■ **PROBLEM TO SOLVE**:
Reproduce the records below exactly, but leave their pictures out of the copy.

-.-.-

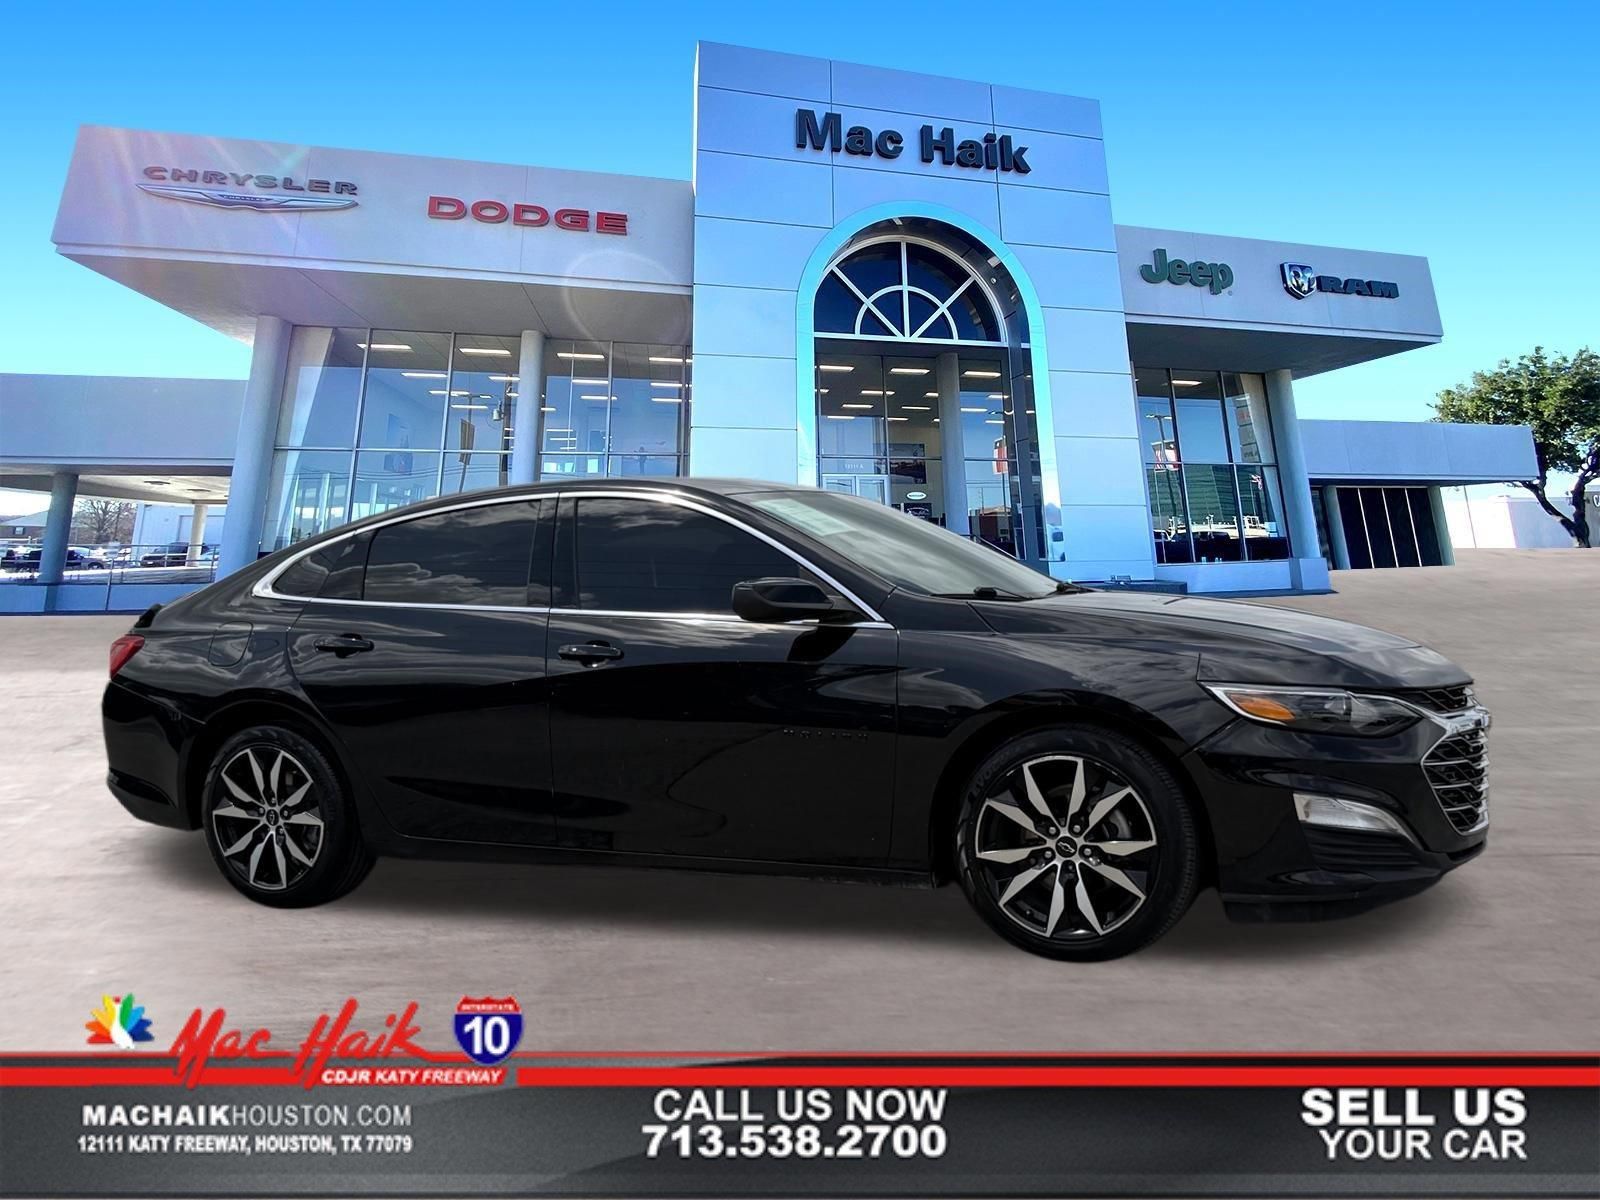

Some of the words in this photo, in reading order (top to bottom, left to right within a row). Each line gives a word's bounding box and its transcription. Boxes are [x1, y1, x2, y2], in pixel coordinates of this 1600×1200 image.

[796, 108, 904, 160] Mac
[920, 124, 1031, 174] Haik
[143, 165, 359, 196] CHRYSLER
[428, 195, 628, 235] DODGE
[1139, 248, 1234, 295] Jeep
[1315, 275, 1400, 299] RAM

-.-.-

■ **ANSWER AREA**:
Some of the words in this photo, in reading order (top to bottom, left to right within a row). Each line gives a word's bounding box and its transcription. Boxes are [x1, y1, x2, y2], in pixel coordinates of this 1600×1200 image.

[796, 108, 904, 160] Mac
[920, 124, 1031, 174] Haik
[143, 165, 359, 196] CHRYSLER
[428, 195, 628, 235] DODGE
[1139, 248, 1234, 295] Jeep
[1315, 275, 1400, 299] RAM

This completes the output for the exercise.